Overseas equities have moved firmly into the spotlight within master trust default investment strategies, according to the latest Master Trusts Unpacked report from LCP.
The consultancy’s fifth annual report revealed that many master trusts had increased their exposure to overseas equities in recent years, and a growing number had begun allocating to private markets.
LCP noted that master trusts with higher allocations to US equities delivered the strongest growth-phase performance in 2025.
Returns over the year to 30 September 2025 ranged from around 12 per cent to 20 per cent, with an average return of 14.6 per cent.
LCP observed that equity-heavy strategies, particularly those with greater US exposure, benefited from strong performance among large technology and AI-related stocks.
However, the report warned that these higher allocations had also increased exposure to market concentration risk, particularly in US equity markets, where a small number of companies accounted for a disproportionate share of returns.
LCP stressed that this reinforced the importance of trustees continuing to help members understand that equity markets could be volatile over shorter periods, despite strong recent performance.
Meanwhile, the report also highlighted a growing focus on private markets within master trust defaults.

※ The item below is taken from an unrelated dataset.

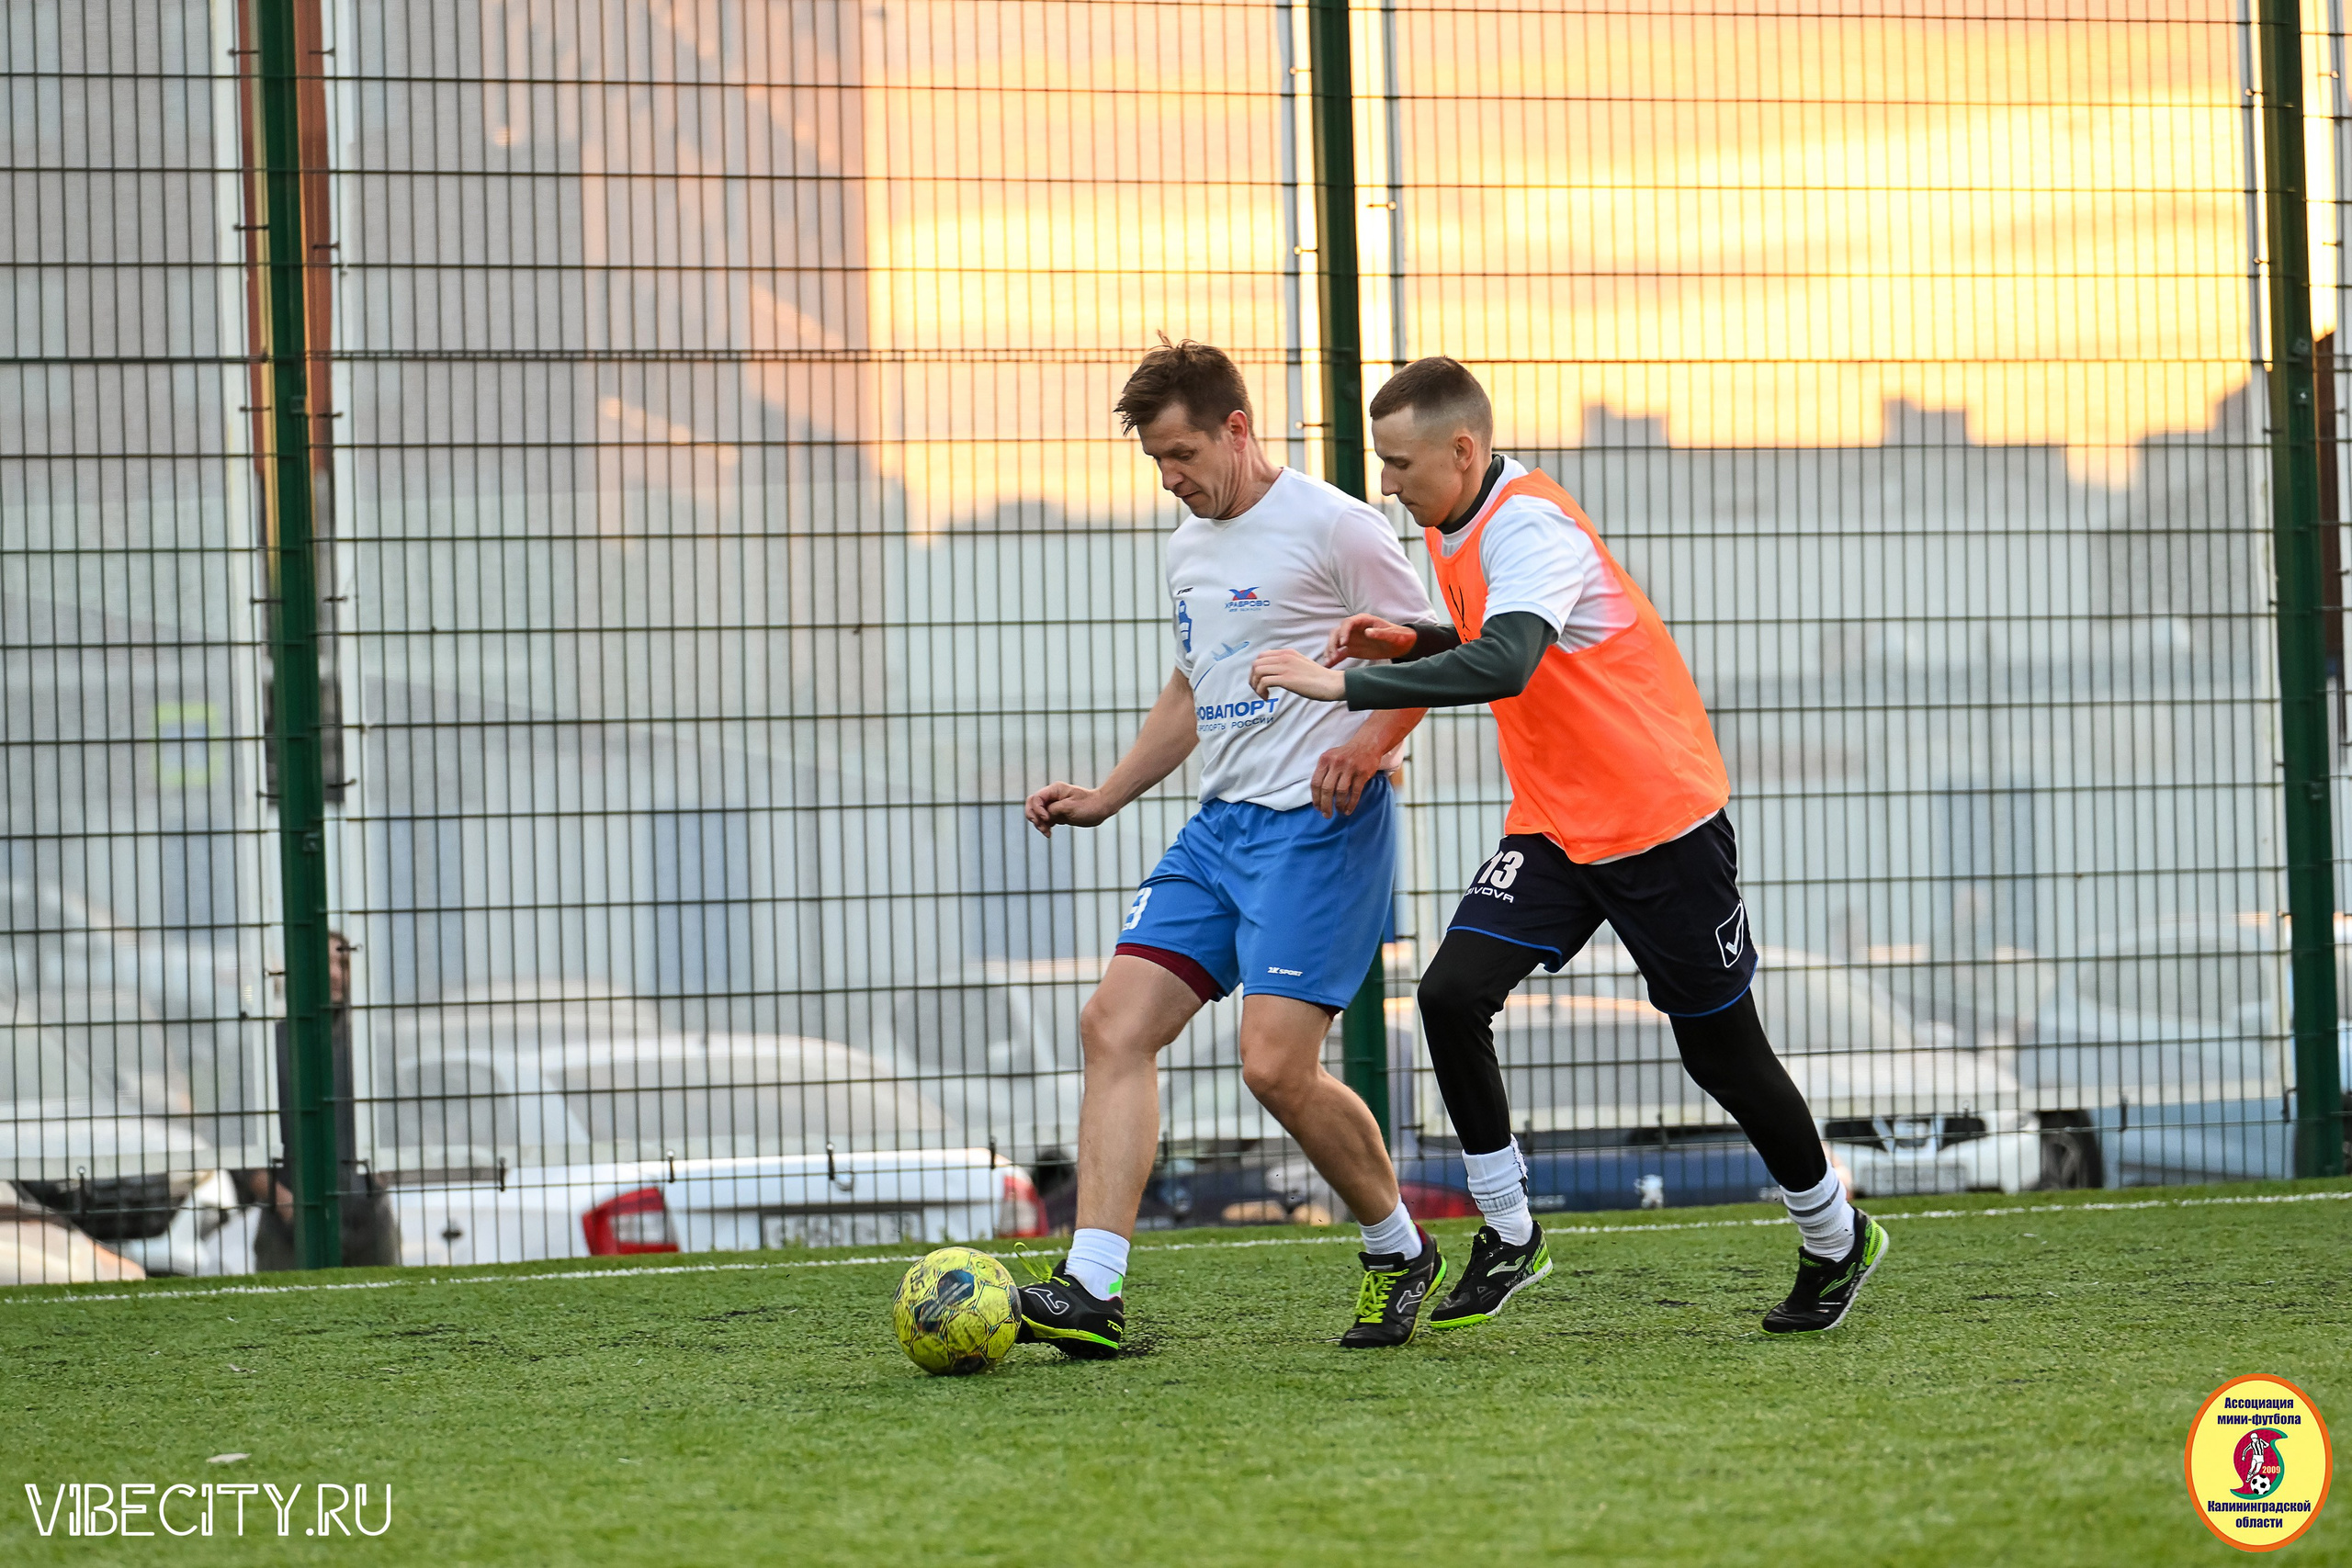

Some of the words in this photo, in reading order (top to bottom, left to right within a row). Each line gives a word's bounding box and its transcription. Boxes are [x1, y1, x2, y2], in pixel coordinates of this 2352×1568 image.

[1225, 600, 1271, 608] ХРАБРОВО
[1196, 698, 1279, 720] ОВАПОРТ
[1231, 716, 1274, 728] РОССИИ
[1477, 851, 1524, 889] 13

Most providers were now either including private market allocations or actively considering them, either within core default strategies or through premium options.
Approaches varied, with some schemes incorporating relatively small allocations and others offering alternative strategies with higher exposure.

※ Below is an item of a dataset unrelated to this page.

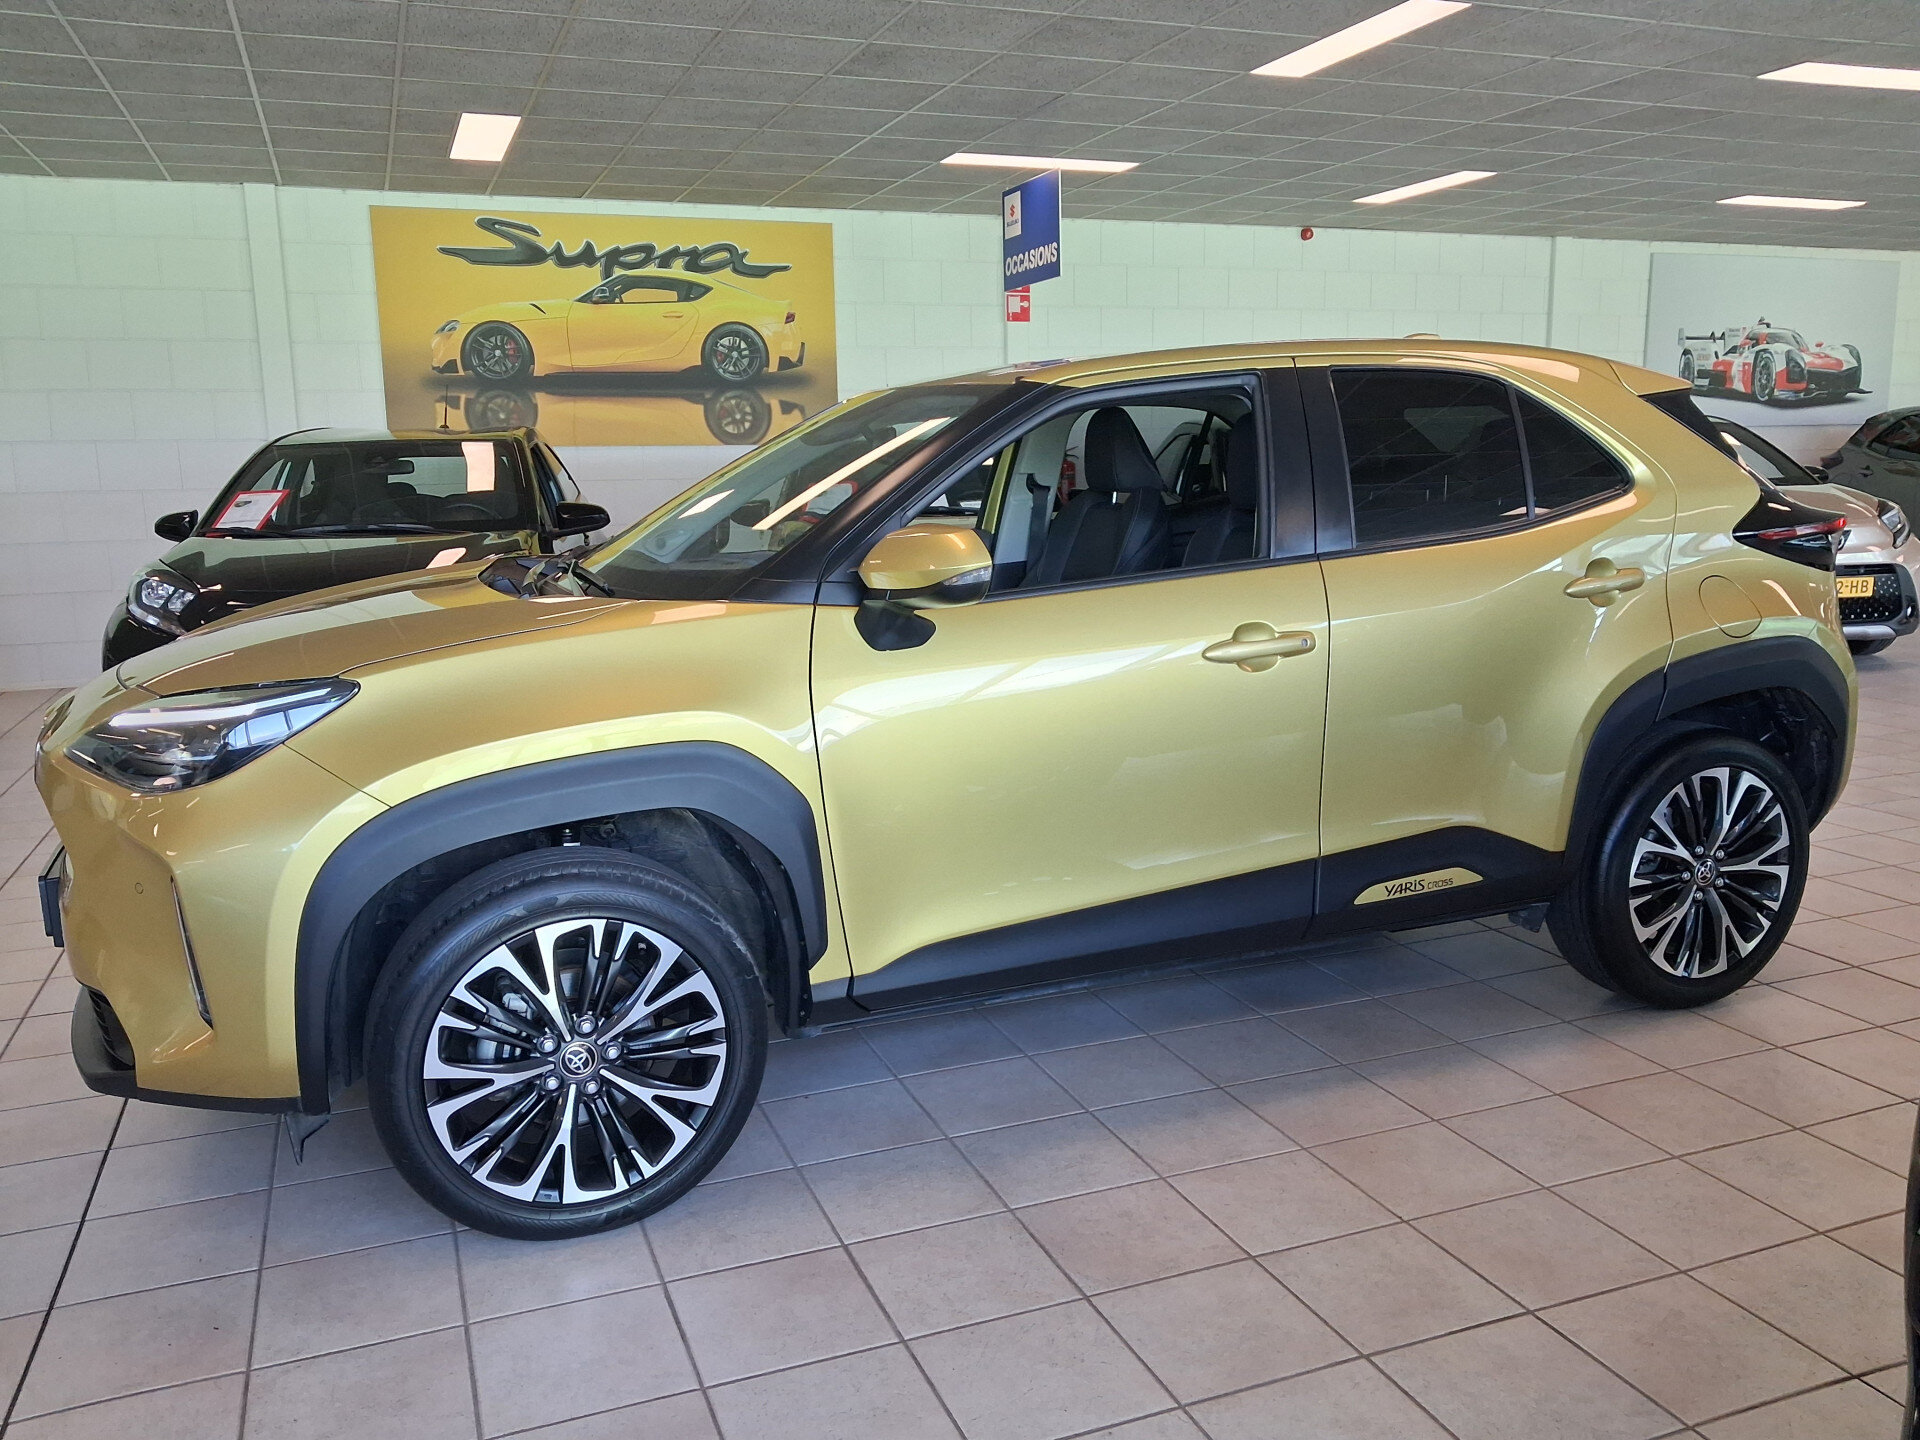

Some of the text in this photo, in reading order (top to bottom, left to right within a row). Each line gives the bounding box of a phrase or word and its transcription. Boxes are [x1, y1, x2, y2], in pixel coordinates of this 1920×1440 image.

[436, 216, 792, 281] Supra
[1005, 241, 1058, 276] OCCASIONS
[1427, 878, 1454, 890] CROSS

LCP found that differences in investment design remained a key driver of member outcomes, with variations in strategic asset allocation, glidepath design and diversification leading to materially different results, particularly as savers approached retirement.

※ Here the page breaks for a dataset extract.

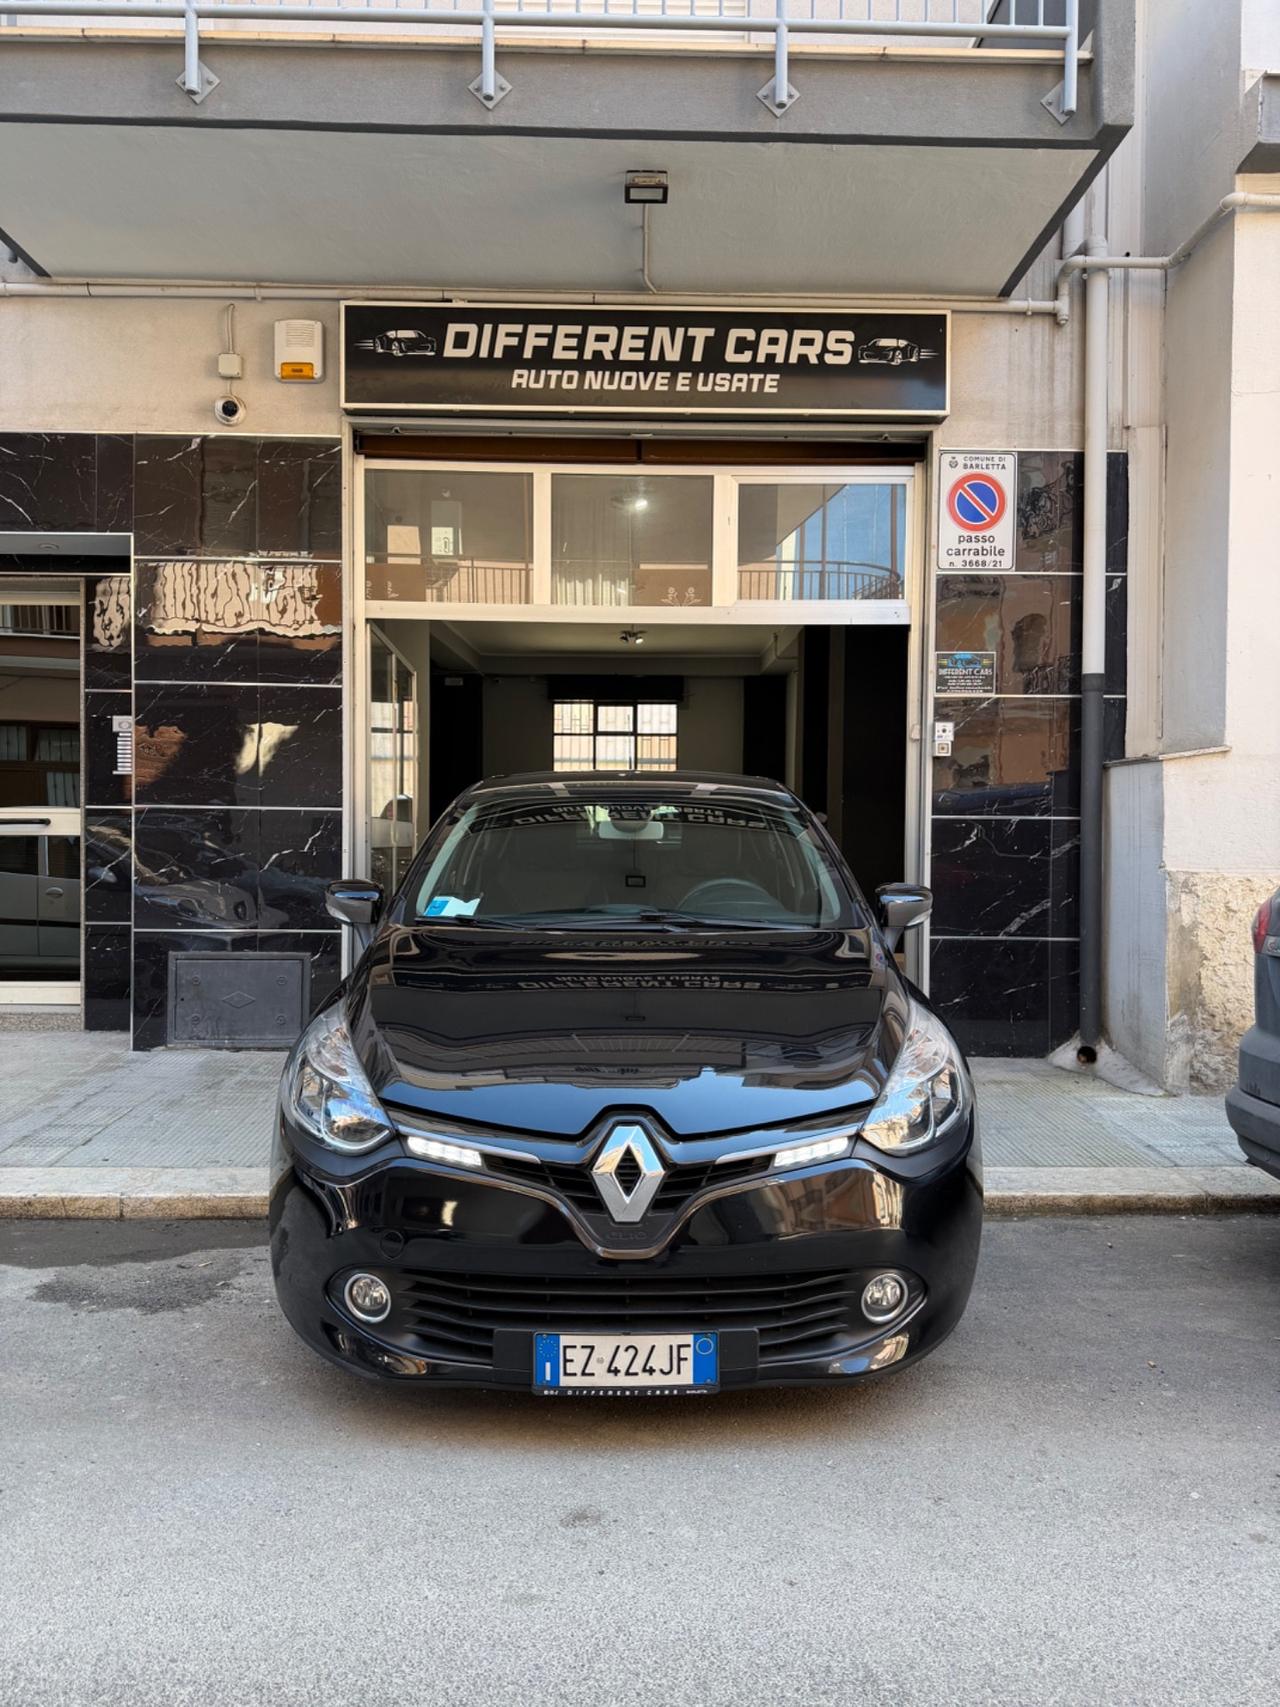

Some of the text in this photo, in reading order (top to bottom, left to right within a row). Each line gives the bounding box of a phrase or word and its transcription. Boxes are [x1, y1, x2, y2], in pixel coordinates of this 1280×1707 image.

The consultancy said trustees should pay close attention to concentration risks when reviewing default strategies.
Responsible investment integration was also widespread across the master trust market, although the depth of implementation varied.
While all master trusts integrated responsible investment principles to some extent, only a small number were moving towards strategies designed to deliver measurable real-world outcomes.
Indeed, over the past year, more providers have extended responsible investment approaches into asset classes beyond equities, including fixed income, infrastructure and private markets.
LCP partner, Edward Dixon, argued the findings underscored the importance of robust investment design.
“The master trust market is changing fast, and providers are adopting a wide range of different investment approaches," he said.
"With so much variation, a well-thought-out investment design is crucial to securing good outcomes for members.
“It is important to look closely at how each strategy is constructed, what risks it introduces, and whether it will continue to deliver in different market conditions.”